▶ _Problem description_:
What you return must match the records below exactly, apart from the omitted pictures.

Phrase grounding data:
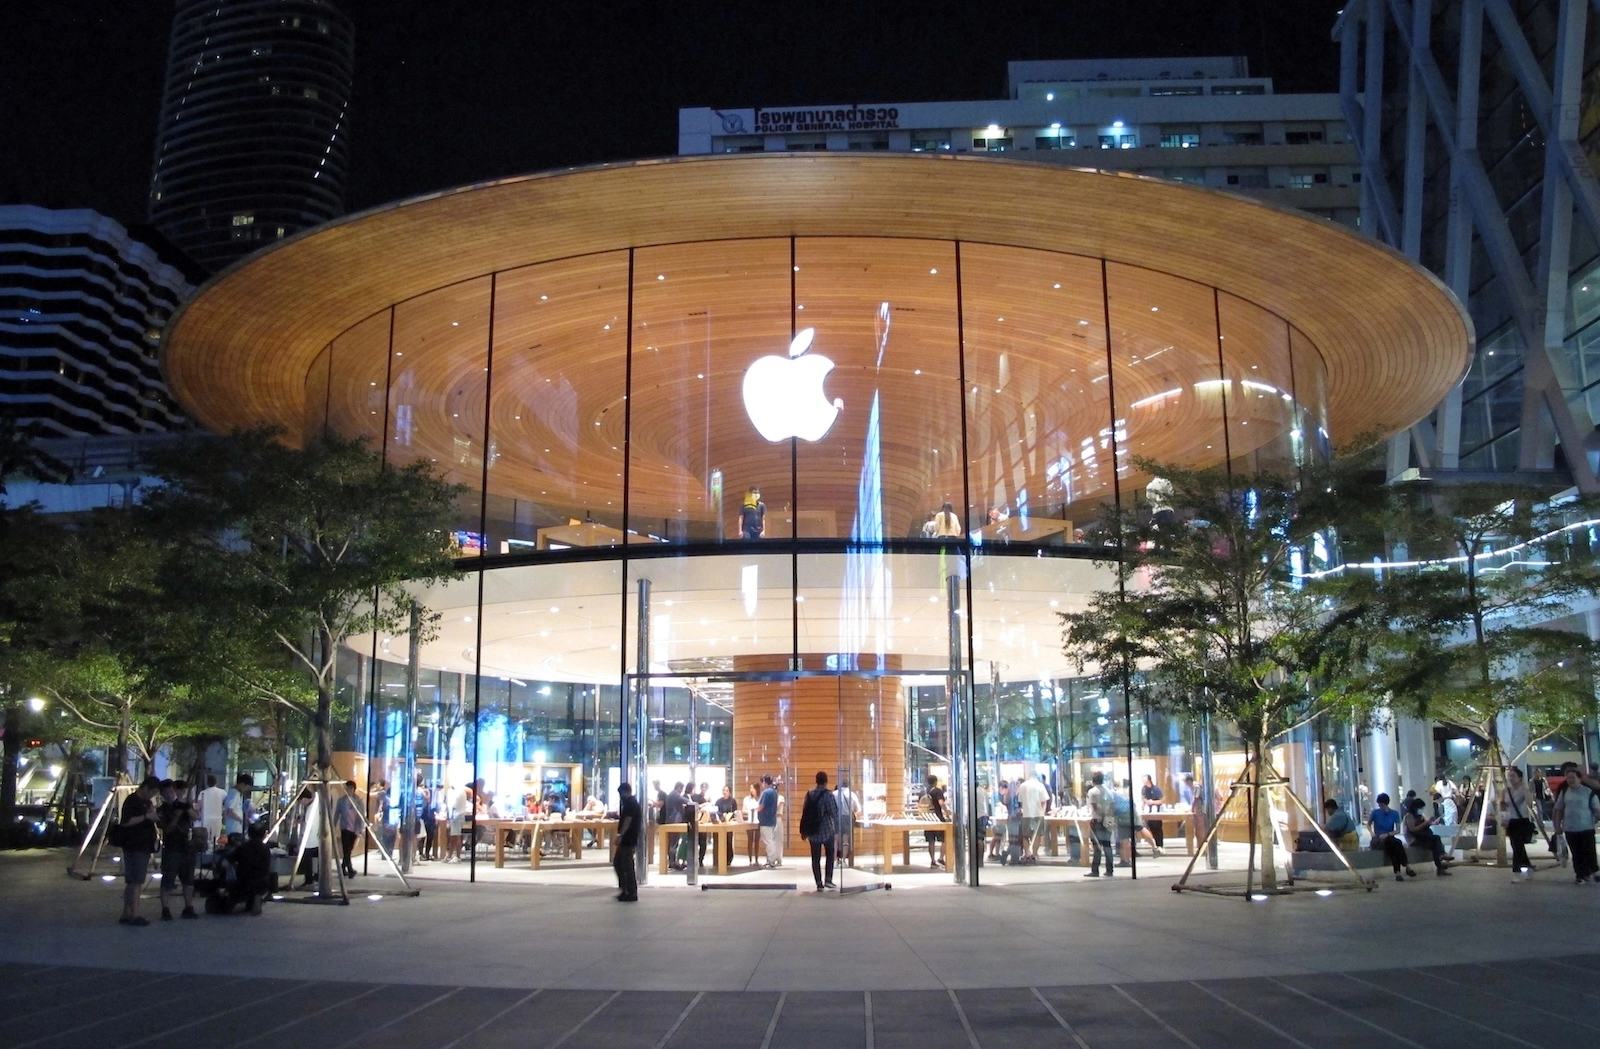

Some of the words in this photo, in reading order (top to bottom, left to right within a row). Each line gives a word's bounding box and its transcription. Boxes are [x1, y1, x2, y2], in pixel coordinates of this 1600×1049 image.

[754, 104, 899, 124] โรงพยาบาลตำรวจ
[754, 124, 793, 133] POLICE
[796, 122, 845, 131] GENERAL
[848, 120, 899, 129] HOSPITAL
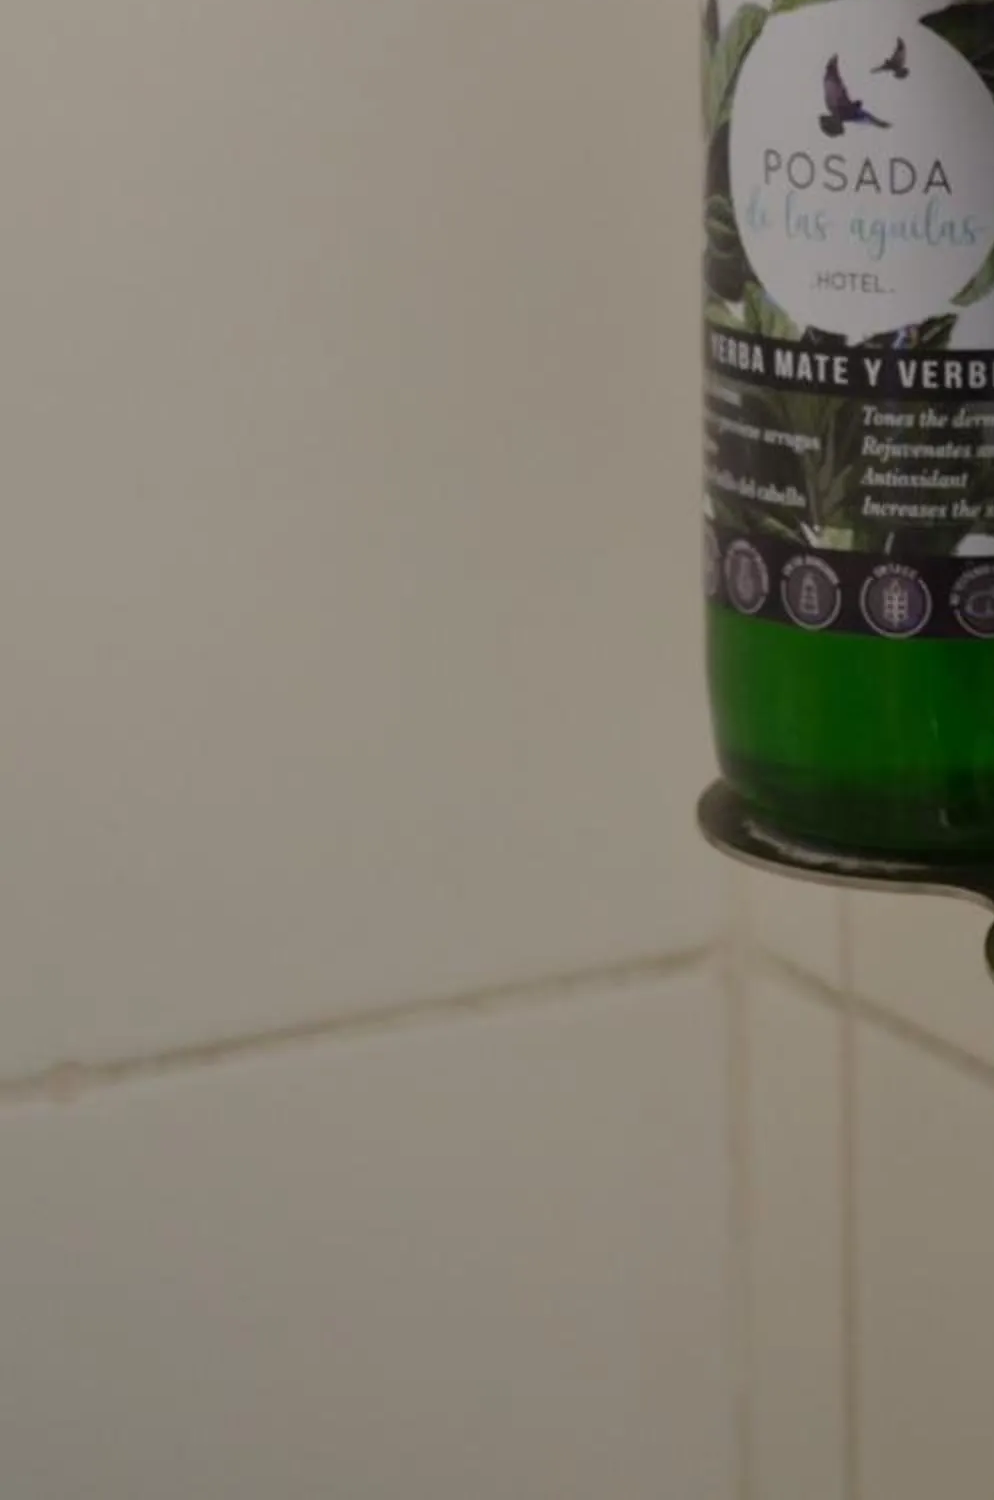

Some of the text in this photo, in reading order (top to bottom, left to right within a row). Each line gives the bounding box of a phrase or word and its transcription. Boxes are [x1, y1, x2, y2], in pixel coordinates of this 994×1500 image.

[763, 148, 952, 195] POSADA
[774, 349, 849, 385] MATE
[864, 358, 882, 388] Y
[919, 407, 948, 428] the
[859, 466, 970, 489] Antioxidant
[861, 495, 949, 518] Increases
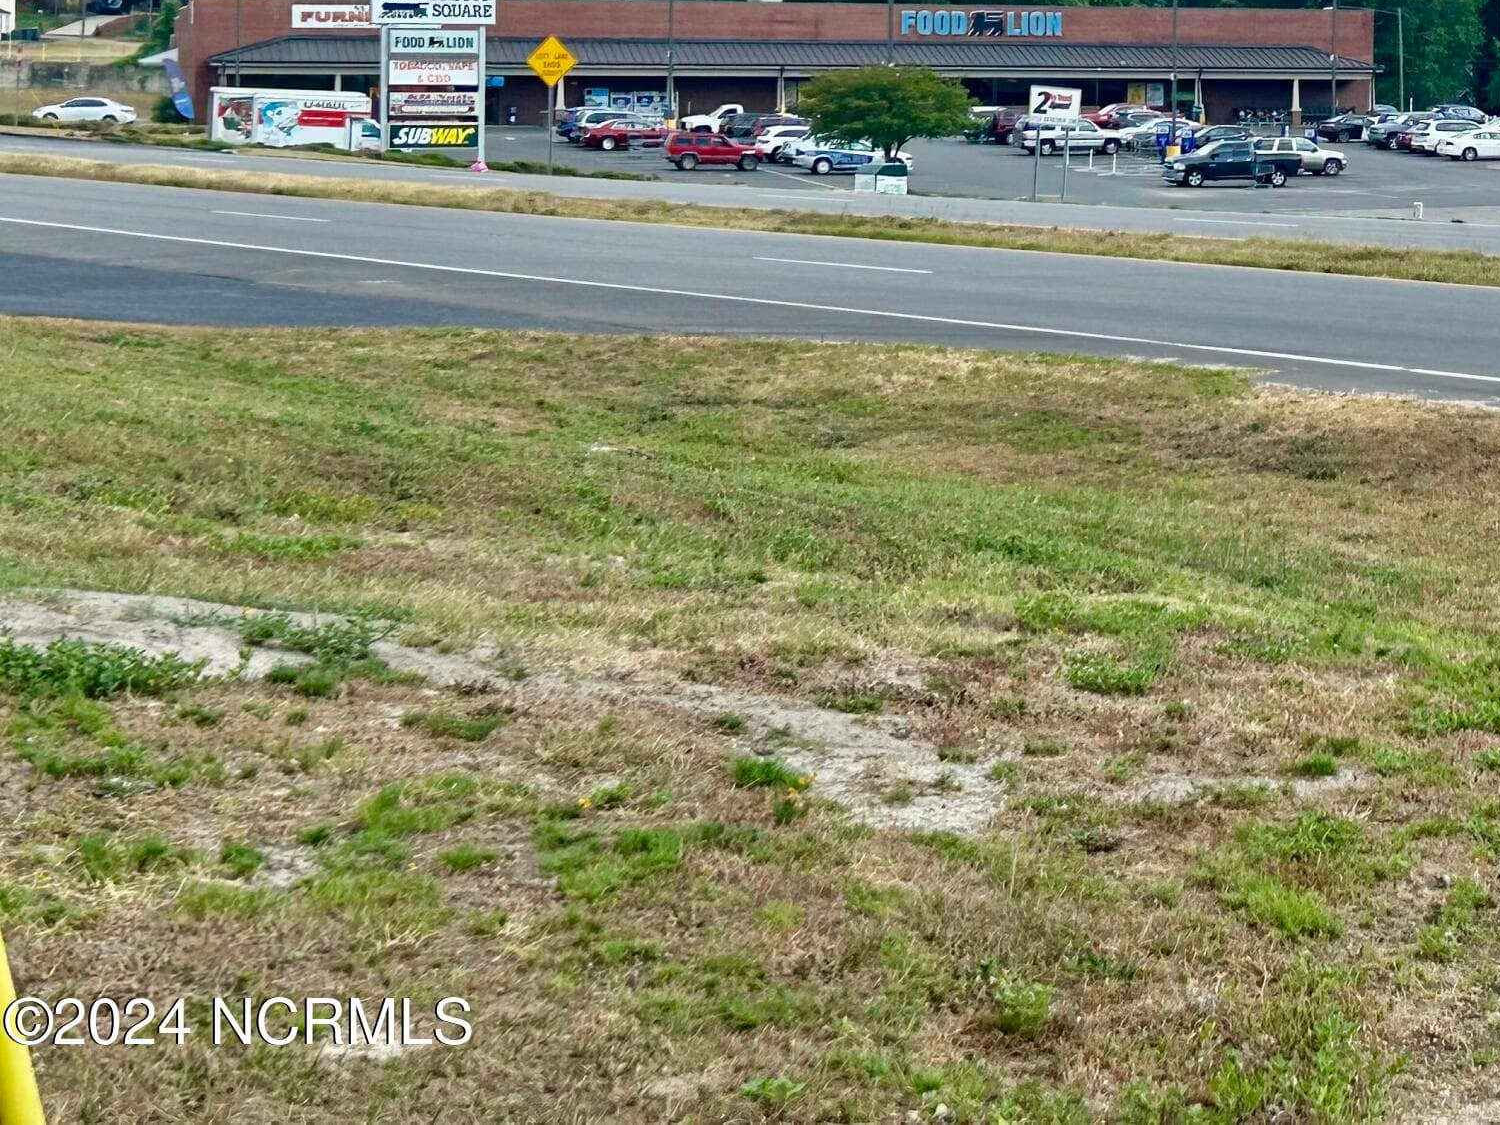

▶ _Answer to the problem_:
Some of the words in this photo, in reading order (top to bottom, left to right within a row). Each line gives a word's bounding box and its transcription. Boxes are [x1, y1, x2, y2], in pixel coordinates of this 1600×1049 image.

[754, 104, 899, 124] โรงพยาบาลตำรวจ
[754, 124, 793, 133] POLICE
[796, 122, 845, 131] GENERAL
[848, 120, 899, 129] HOSPITAL

Some of the text in this photo, in reading order (top to bottom, left to right within a row). Each line gives the bounding box of a phrase or word and its transcription. Boxes are [x1, y1, x2, y2], in pixel coordinates of this 994×1500 image.

[763, 148, 952, 195] POSADA
[774, 349, 849, 385] MATE
[864, 358, 882, 388] Y
[919, 407, 948, 428] the
[859, 466, 970, 489] Antioxidant
[861, 495, 949, 518] Increases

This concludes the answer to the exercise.